“What makes you say that?” asked the King, uneasily.
“His own confession. The fellow boasted openly to me of the price for which he had agreed to sell his daughter. You ought to be ashamed of stooping to such a bargain.”
Maximilian blushed and bit his lip.
“I am ashamed of it,” he said. “I loathe that man as much as you do. He is so odious to me that the thought of having to encounter him almost deters me from going there, sometimes. But what else could I do? I could not expect him to understand the nature of my feelings towards his daughter. As soon as he showed me what kind of man he was, I thought the best plan was to take him at his own value, and bribe him to stand aside and hold his tongue.”
“Nevertheless it was a miserable thing to do. How should you feel if the girl were to learn the understanding you had come to with her father?”
“Ah, that is what I dread most. At all costs I must keep her innocent. You little know—and yet perhaps you do know—how deeply I feel about that girl. Surely you have been in love at some time, Auguste. You must see how difficult it is for me. I am not like the man whose love is hopeless because it is fixed on one too far above him. What I have to fear is that my love will prevail too easily, not for my own sake, but because I have the misfortune to be a king. That is why I have been coming here secretly. I want to win Dorothea’s heart, Auguste. I do not want her to become my slave. I want her to love me.”

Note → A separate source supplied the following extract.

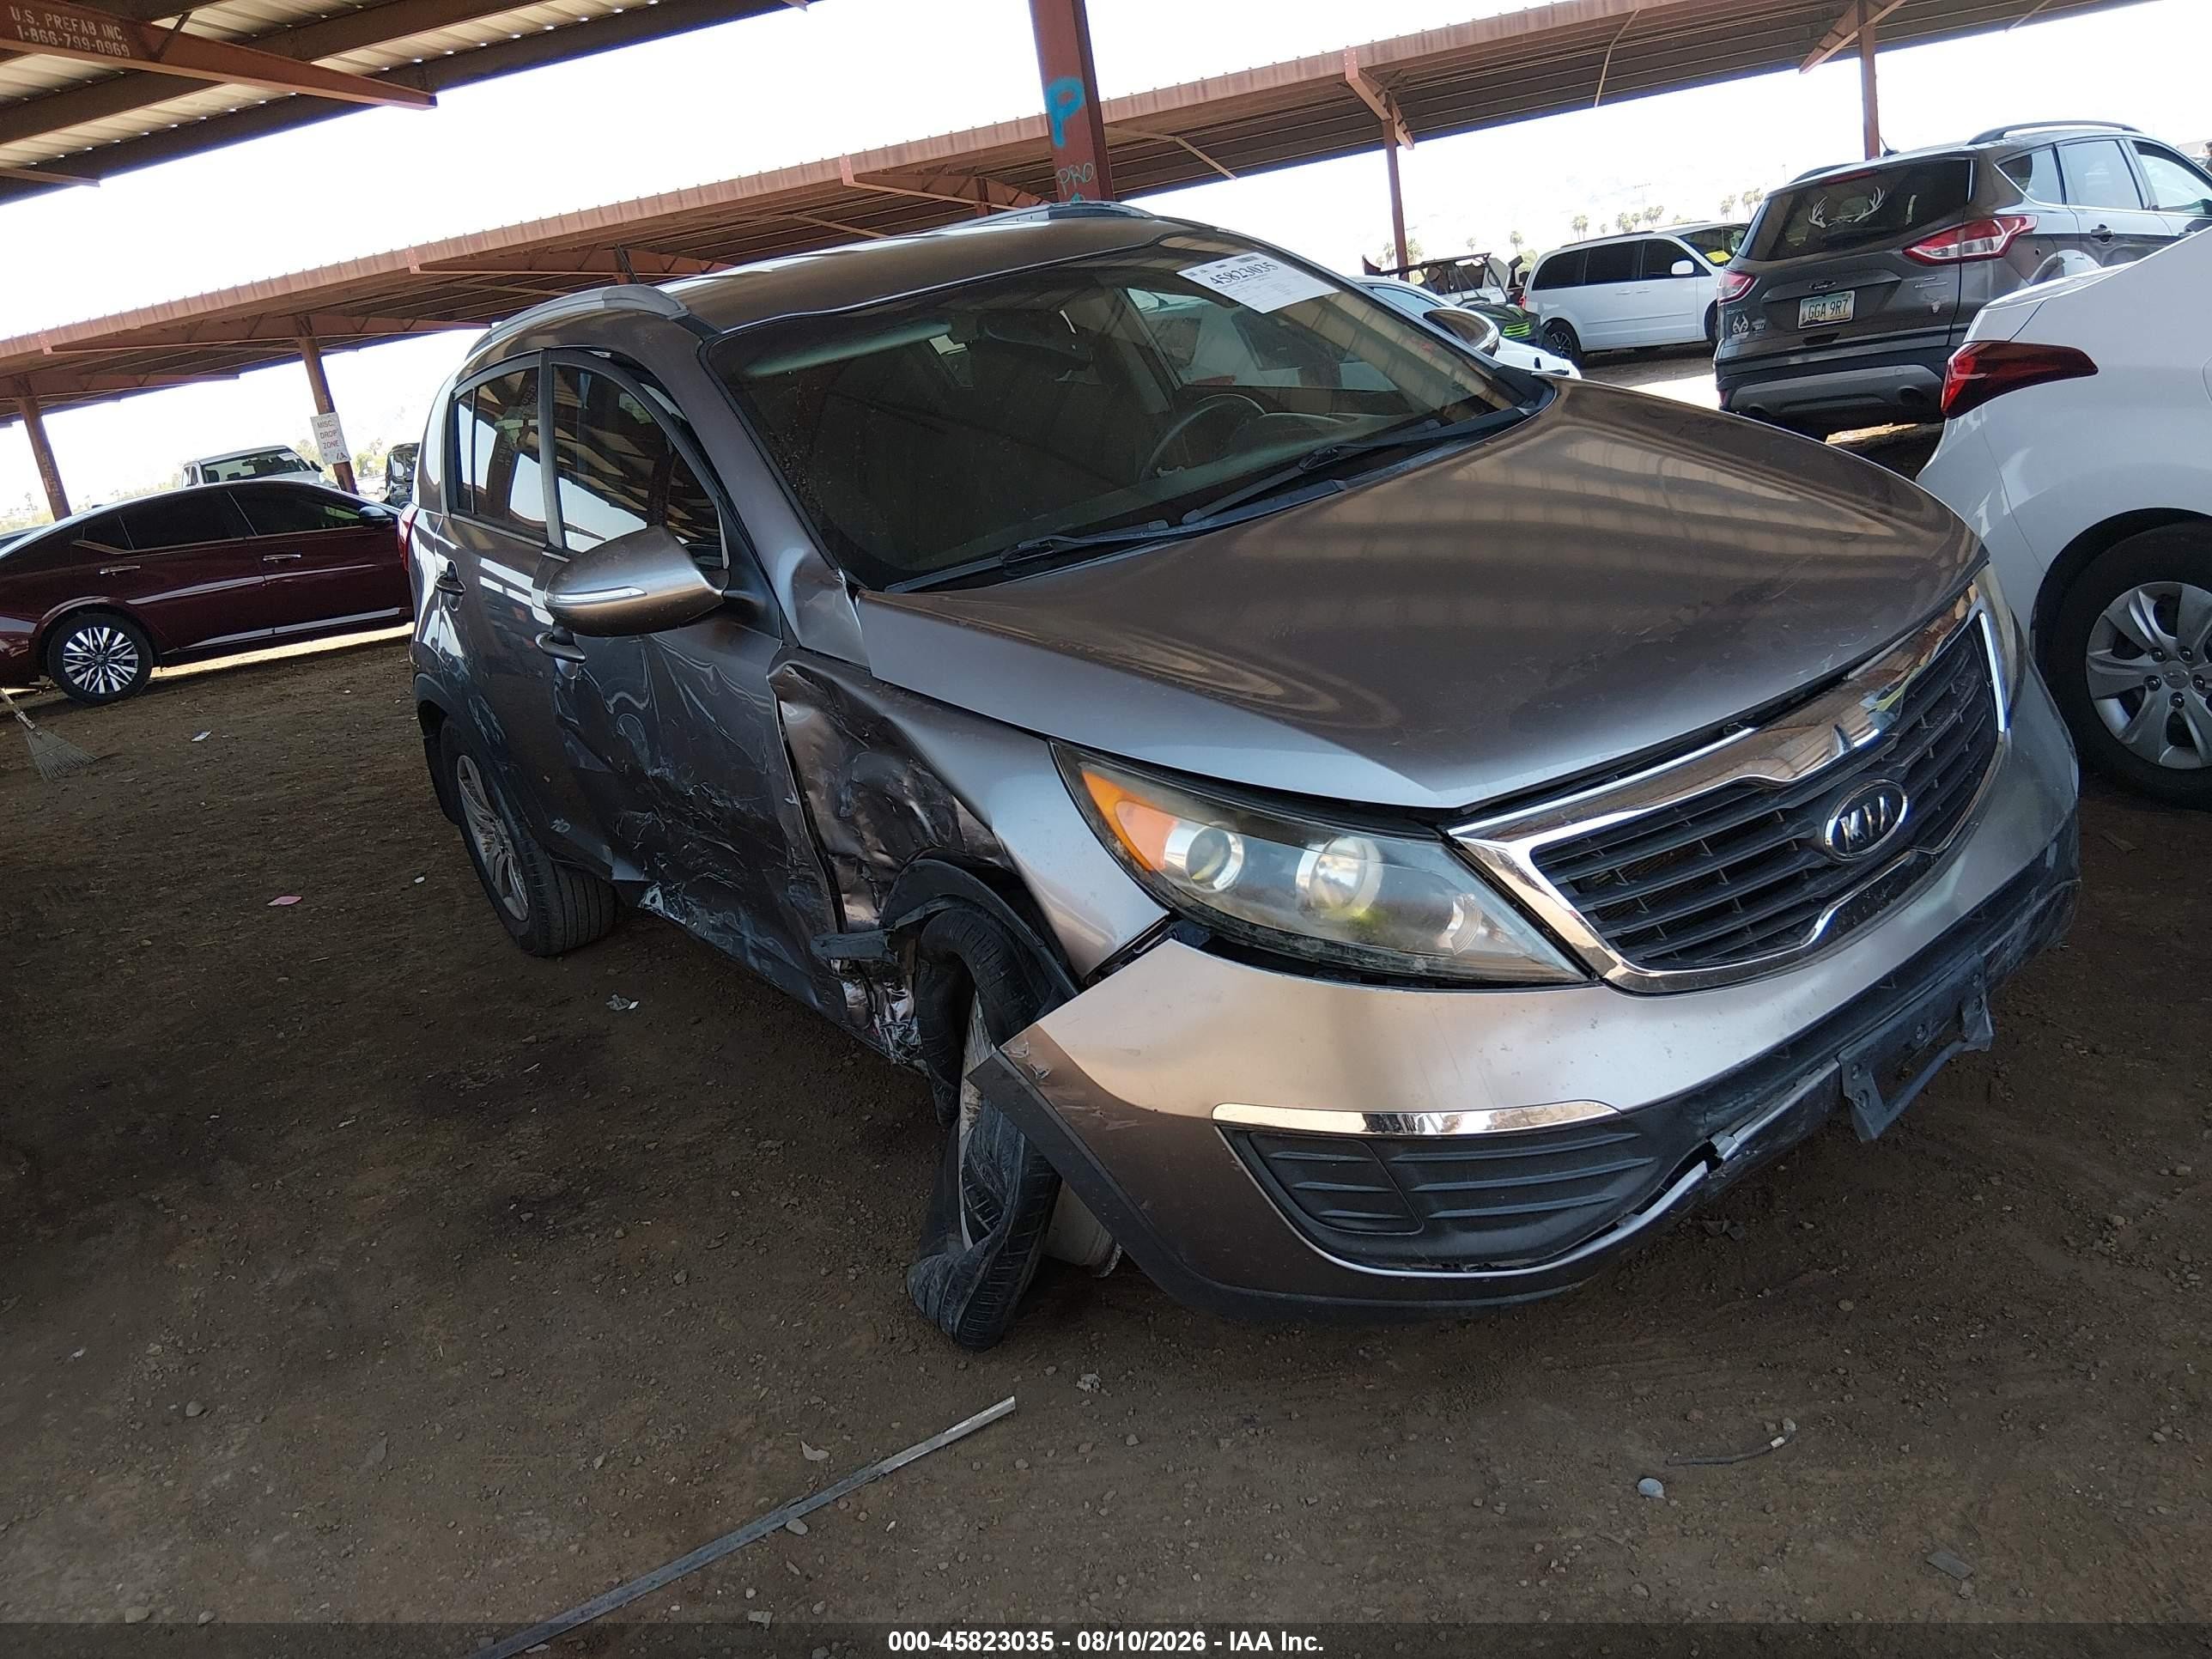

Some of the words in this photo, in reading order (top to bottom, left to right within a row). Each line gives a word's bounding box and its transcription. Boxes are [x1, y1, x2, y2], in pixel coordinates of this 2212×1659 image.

“I am afraid she does not love you yet, my friend. Perhaps she is too young. Perhaps even in your assumed character she looks upon you as one too far above her to be thought of as a lover.”
“I am afraid of that, too. I ought to have gone there as a peasant, or as one of the foresters. But my first visit was quite accidental, and I have gone on ever since on the same footing.”
Auguste considered a moment as he walked along. Then he made a suggestion.
“Why not take her away from her father, and place her in some better position?”